PROBLEM TO WORK ON: Where the string "POWER" shows up in a line of the records, copy that line.

[Phrase grounding data]
========
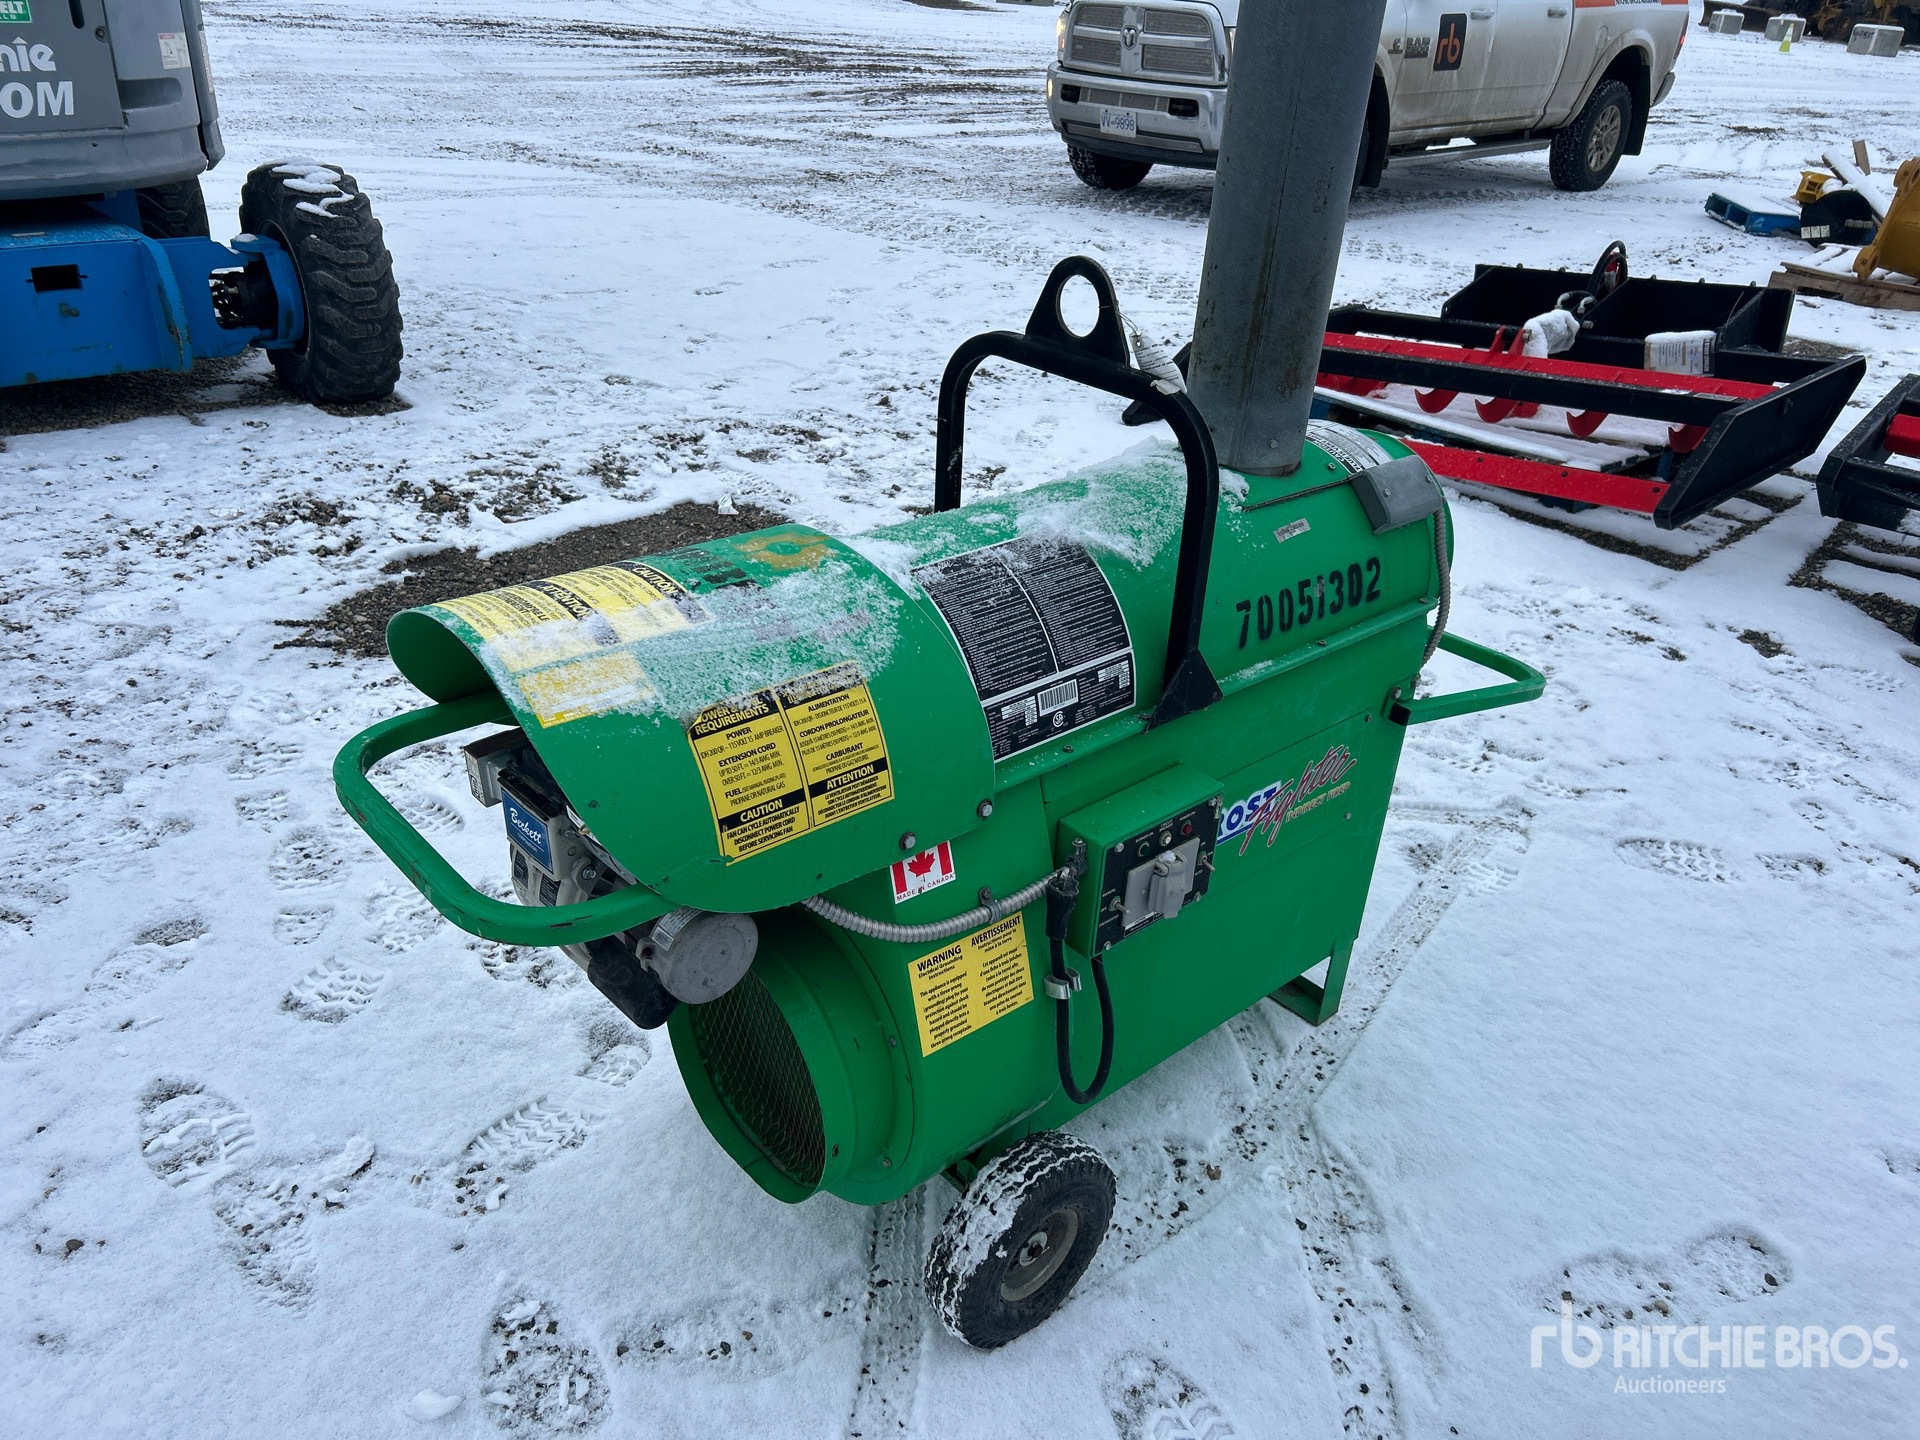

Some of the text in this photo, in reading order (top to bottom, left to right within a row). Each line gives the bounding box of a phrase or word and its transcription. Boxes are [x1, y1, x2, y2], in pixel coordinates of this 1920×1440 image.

[1436, 22, 1460, 64] rb
[0, 81, 75, 119] OM
[632, 567, 679, 595] CAUTION
[1236, 556, 1381, 650] 70051302
[701, 706, 732, 723] OWER
[807, 693, 849, 712] ALIMENTATION
[695, 703, 769, 736] REQUIREMENTS
[799, 708, 869, 738] CORDON PROLONGATEUR
[725, 726, 752, 740] POWER
[718, 742, 776, 767] EXTENSION CORD
[825, 741, 863, 761] CARBURANT
[825, 763, 874, 790] ATTENTION
[724, 787, 742, 798] FUEL
[729, 793, 751, 806] PROPANE
[756, 784, 776, 796] NATURAL
[775, 780, 785, 789] GAS
[1239, 745, 1357, 856] Fighter
[1285, 781, 1351, 822] INDIRECT FIRED
[726, 805, 800, 839] FAN CAN CYCLE AUTOMATICALLY
[739, 798, 783, 822] CAUTION
[510, 807, 542, 845] Beckett
[733, 816, 796, 845] DISCONNECT POWER CORD
[738, 825, 794, 852] BEFORE SERVICING FAN
[896, 889, 915, 901] MADE
[928, 873, 954, 888] CANADA
[970, 915, 1020, 946] AVERTISSEMENT
[977, 934, 1002, 950] Instructions
[1002, 930, 1011, 939] pour
[984, 935, 1012, 953] mise terre
[916, 943, 961, 972] WARNING
[918, 953, 963, 978] Electrical Grounding
[919, 970, 967, 997] This appliance equipped
[928, 963, 955, 980] Instructions
[927, 981, 962, 1002] with three-prong
[945, 993, 954, 1002] plug
[924, 993, 968, 1020] protection against shock
[929, 1014, 942, 1025] hazard
[949, 1004, 962, 1014] should
[928, 1021, 944, 1034] plugged
[944, 1014, 958, 1026] directly
[933, 1017, 967, 1040] properly grounded
[930, 1032, 952, 1049] three-prong
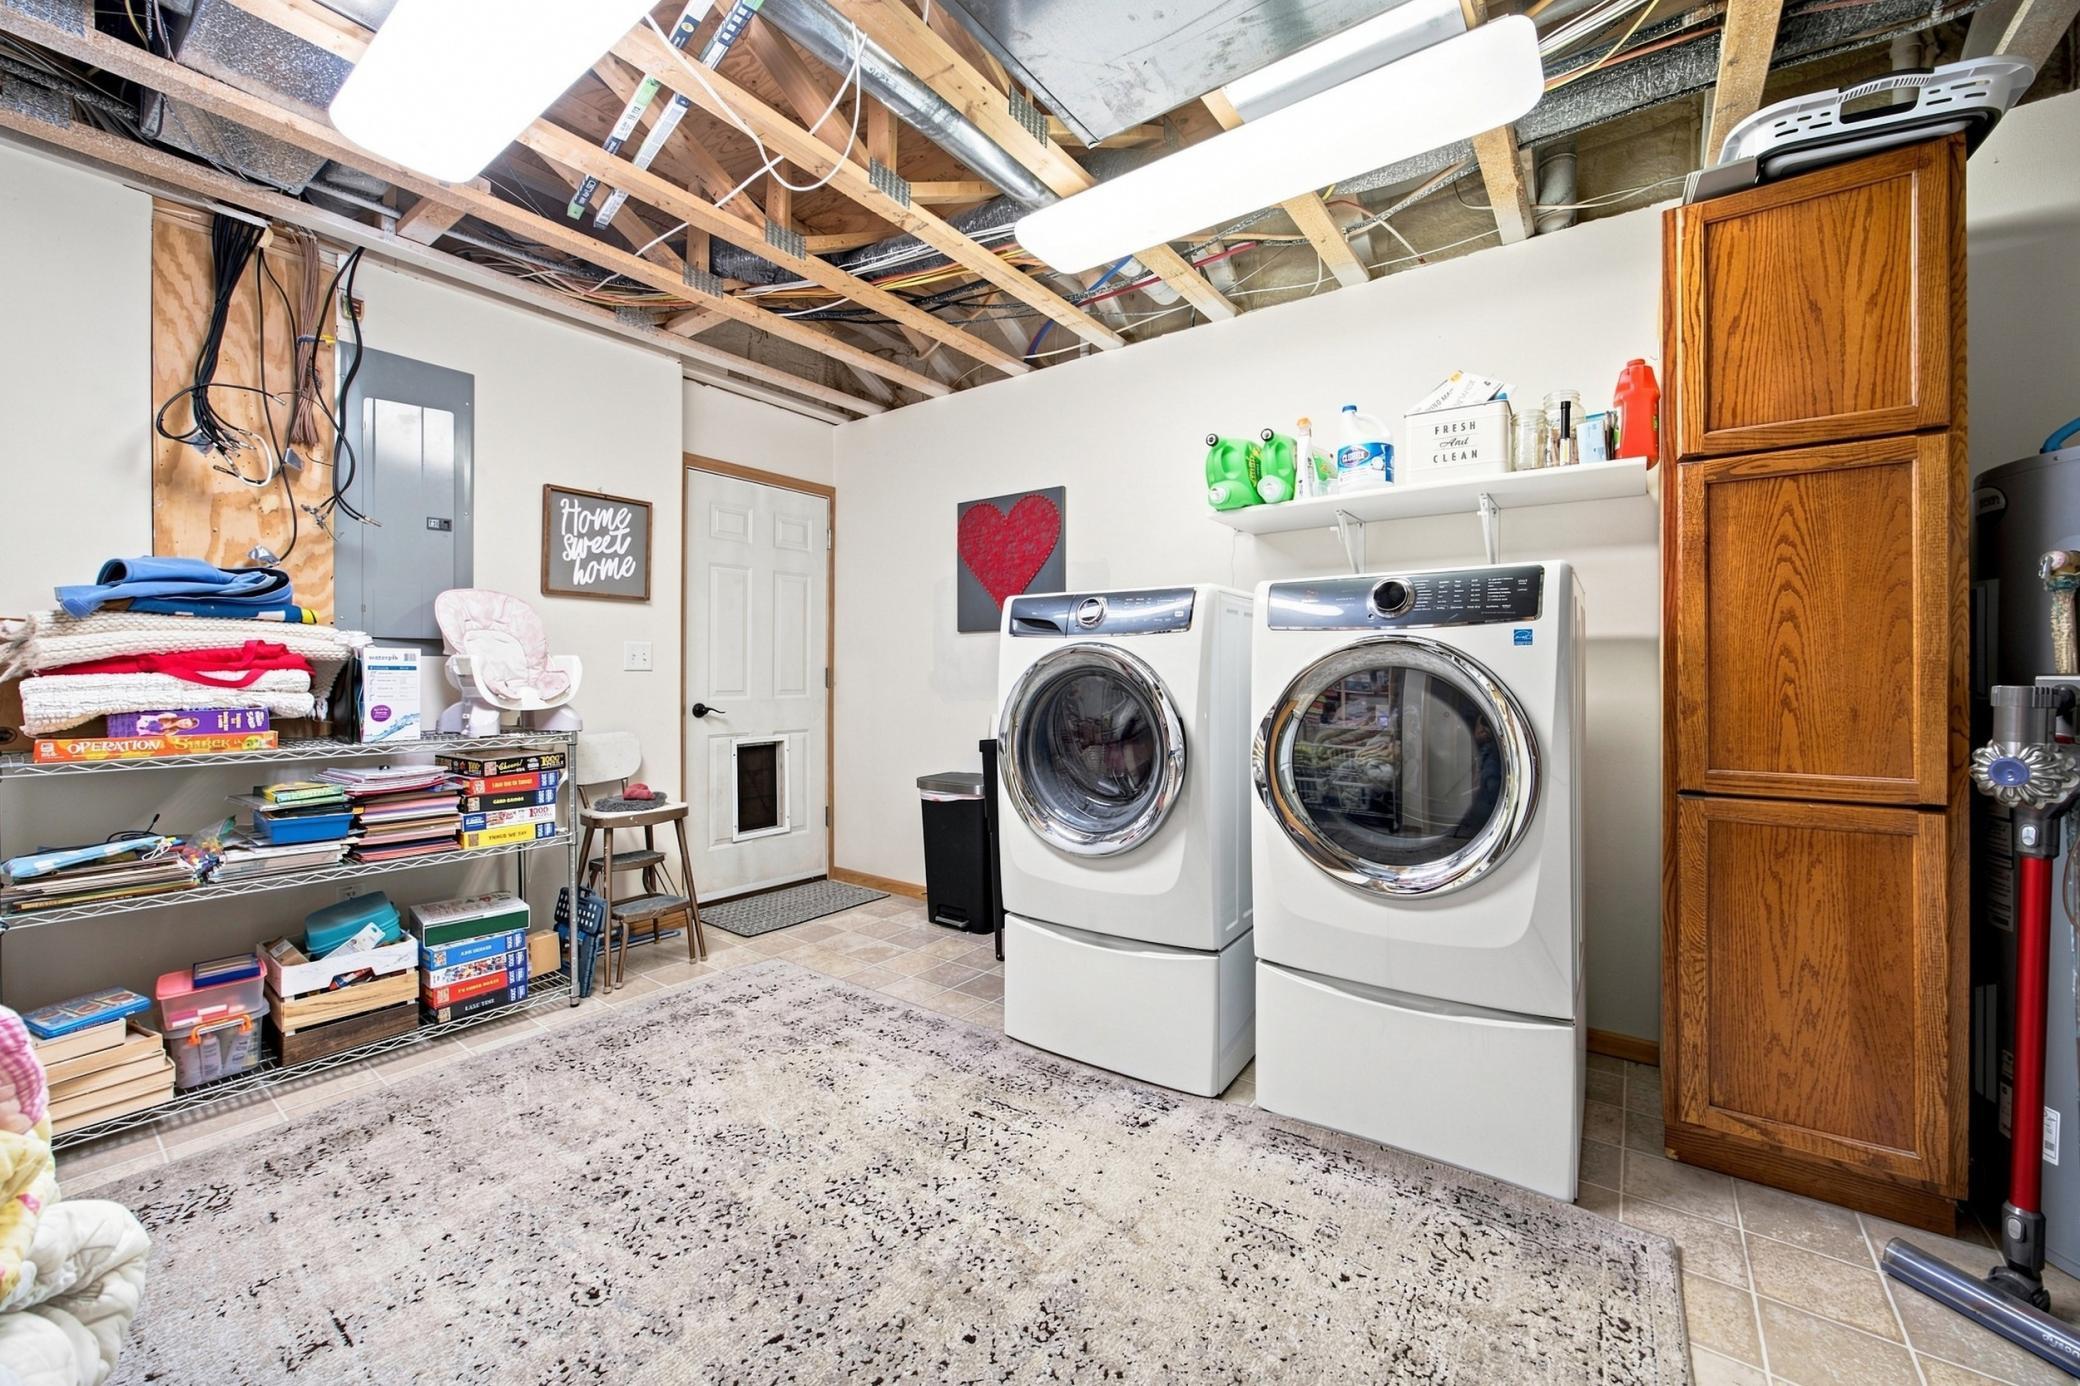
========
ANSWER BELOW:
[725, 726, 752, 740] POWER
[733, 816, 796, 845] DISCONNECT POWER CORD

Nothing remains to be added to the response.